To find the parameters of our model assuming seasonality we look at the ACF and PACF plots on Figure 4. From the ACF plot (left) we can determine that the value of q should be equal to 2 and Q equal to 1. We see on the PACF plot (right) that p should be equal to 2 and P equal to 2. d should be equal to 2 because we assume a quadratic trend. Finally, we choose to use D=1. Of course the seasonality parameter is s=12. So we obtain the model with seasonality : \[SARIMA(2,2,2)\times(2,1,1)_{12}\]

To determine the parameters of our model that assumes no seasonality we also look at the ACF and PACF plots on Figure 5. We can read that q should be equal to 2 and p equal to 2. d should still be equal to 2 because we assume a quadratic trend. So the model that we obtain without seasonality is \[ARIMA(2,2,2)\]

We have that the AIC of the SARIMA model is -1141 while the AIC of the ARIMA model is -1202. So the best model among those two is the ARIMA which does not assume seasonality, because it has smaller AIC and is simpler.

Figure 3: Trend of the time series after 1960.

Figure 3: Trend of the time series after 1960.

Figure 4: ACF and PACF plots to determine the model with seasonality.

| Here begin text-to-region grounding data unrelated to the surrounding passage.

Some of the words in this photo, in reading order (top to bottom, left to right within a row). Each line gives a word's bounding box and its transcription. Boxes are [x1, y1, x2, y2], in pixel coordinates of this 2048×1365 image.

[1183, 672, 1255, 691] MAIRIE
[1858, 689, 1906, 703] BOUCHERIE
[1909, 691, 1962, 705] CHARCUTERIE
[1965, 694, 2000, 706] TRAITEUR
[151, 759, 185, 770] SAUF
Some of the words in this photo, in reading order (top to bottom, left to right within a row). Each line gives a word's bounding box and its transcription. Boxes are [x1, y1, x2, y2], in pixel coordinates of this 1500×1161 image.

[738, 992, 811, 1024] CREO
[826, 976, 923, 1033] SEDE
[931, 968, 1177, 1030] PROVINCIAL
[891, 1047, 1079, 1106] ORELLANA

Figure 4: ACF and PACF plots to determine the model with seasonality.

Figure 5: ACF and PACF plots to determine the model without seasonality.

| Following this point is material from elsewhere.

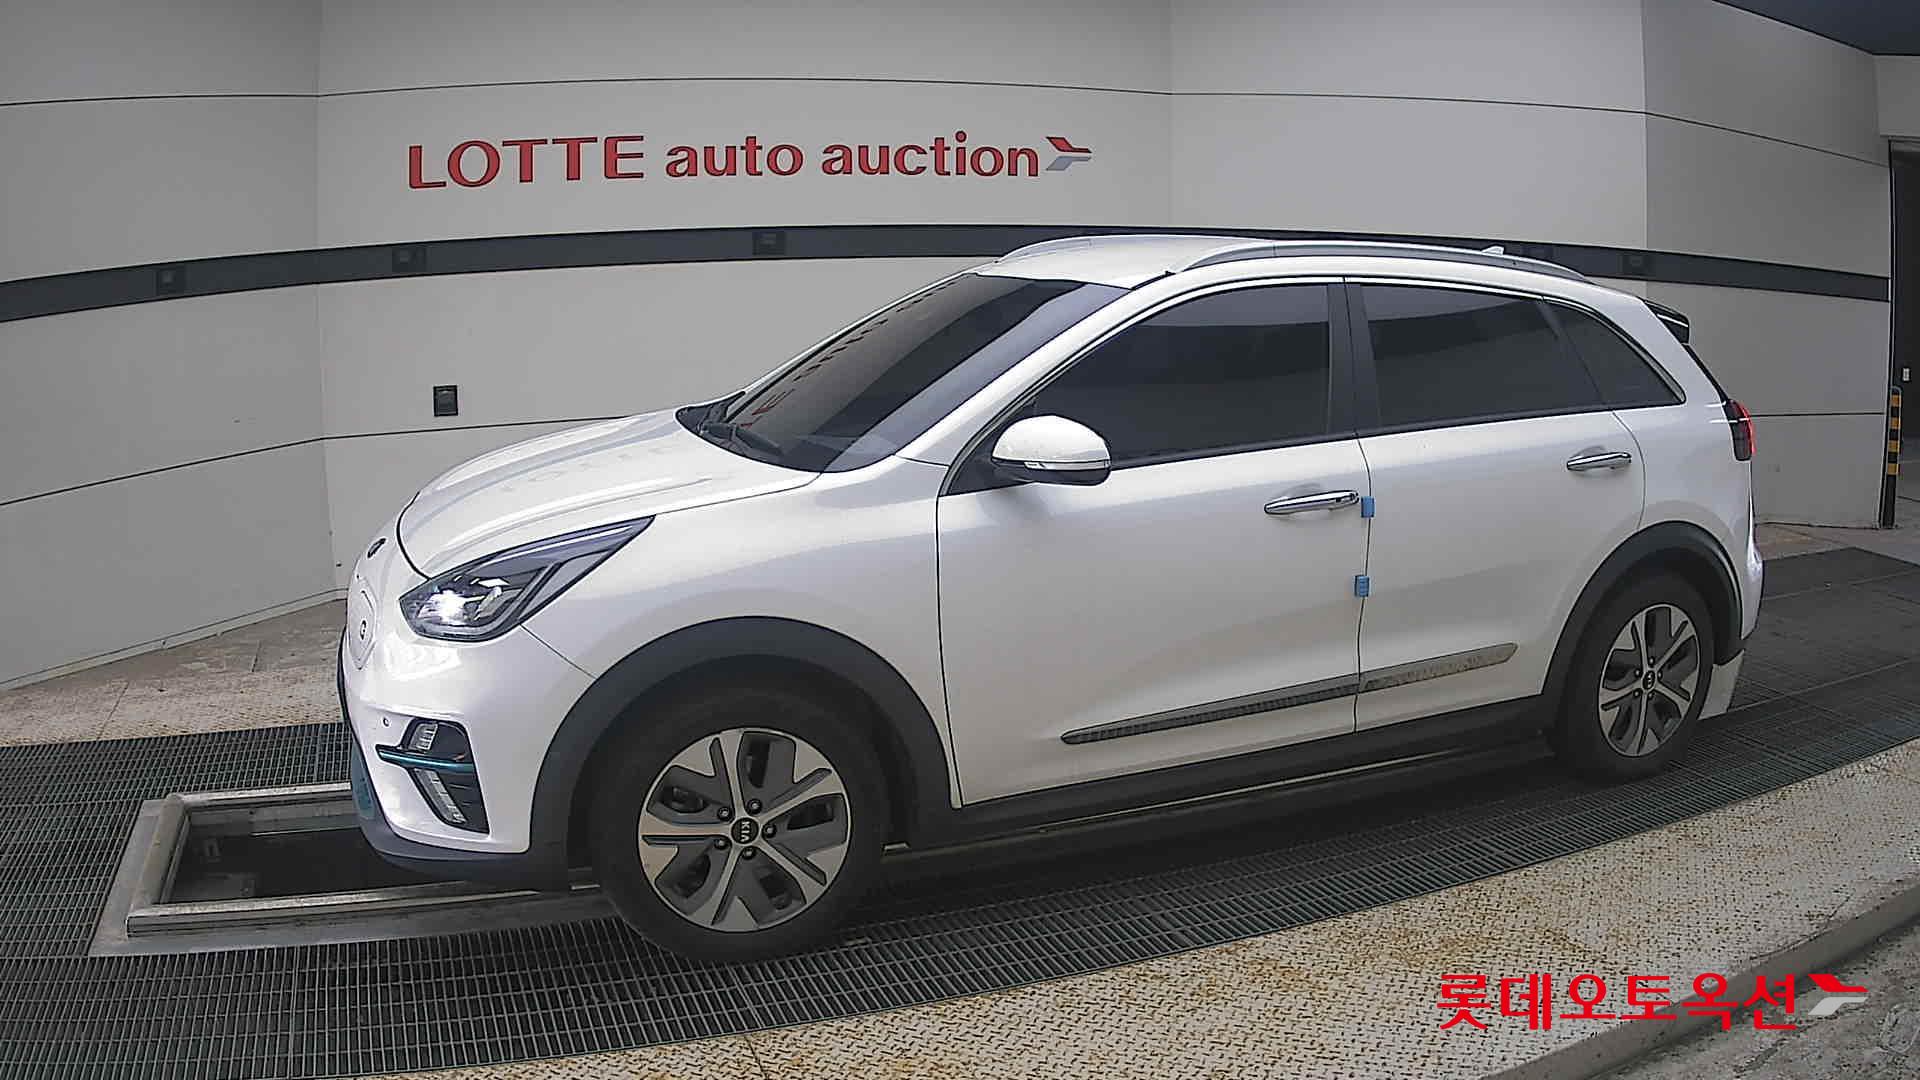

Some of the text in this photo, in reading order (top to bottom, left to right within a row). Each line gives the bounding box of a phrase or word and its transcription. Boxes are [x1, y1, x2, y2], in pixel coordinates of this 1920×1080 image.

[409, 130, 1040, 188] LOTTE auto auction
[741, 821, 750, 842] KIA

Figure 5: ACF and PACF plots to determine the model without seasonality.

5 Residuals and Diagnostics

We now study the residuals of our two model. Figure 6 shows four residuals diagnostic plots of the SARIMA (2,1,4)\(\times\)(2,0,1)\(_{12}\) model (i.e. the one that assumes seasonality useful). The top left plot shows the residuals which look like white noise. The top right and the bottom left plots show respectively the ACF and PACF of the residuals, we observe that there is no significant correlation or autocorrelation. Finally, the bottom right plot is a Q-Q plot of the residuals that gives an additional indication that the residuals are white noise.

Figure 7 shows four residuals diagnostic plots of the ARIMA (2,1,4) model (i.e. the one that assumes not seasonality). The top left plot shows the residuals which look like white noise. The top right and the bottom left plots show respectively the ACF and PACF of the residuals, we observe that there is a significant correlation and autocorrelation for lag = 24, but it is not too large. Finally, the bottom right plot is a Q-Q plot of the residuals that gives an additional indication that the residuals are white noise.

Figure 6: Four residuals diagnostic plots for the model with seasonality.

Figure 6: Four residuals diagnostic plots for the model with seasonality.

Figure 7: Four residuals diagnostic plots for the model without seasonality.

Figure 7: Four residuals diagnostic plots for the model without seasonality.

6 Prediction

Now we are interesting in predicting the temperature changes until 2050. We do that using both our models. Figure 8 and Figure 9 show the predicted anomalies in the temperature until 2050 using respectively the SARIMA and ARIMA models. Around the main prediction we plotted confidence at intervals: at level 50% in dark blue and at level 95% in light blue. We observe that the prediction of the two models is almost the same: 1.5, but that the model which uses seasonality gives more variable predictions.

Figure 8: Prediction of the temperature until 2050 using the SARIMA model.

Figure 8: Prediction of the temperature until 2050 using the SARIMA model.

Figure 9: Prediction of the temperature until 2050 using the ARIMA model.

Figure 9: Prediction of the temperature until 2050 using the ARIMA model.

7 Conclusion

In conclusion we can say that the global warming as a quadratic form. Using seasonality in a model to predict average temperature over the whole planet is not necessary.

We observed that the shape changed after 1960 and increases more over time. Possible explanation of this phenomenon are the mid-20th century baby boom and the developpement of automobile industry.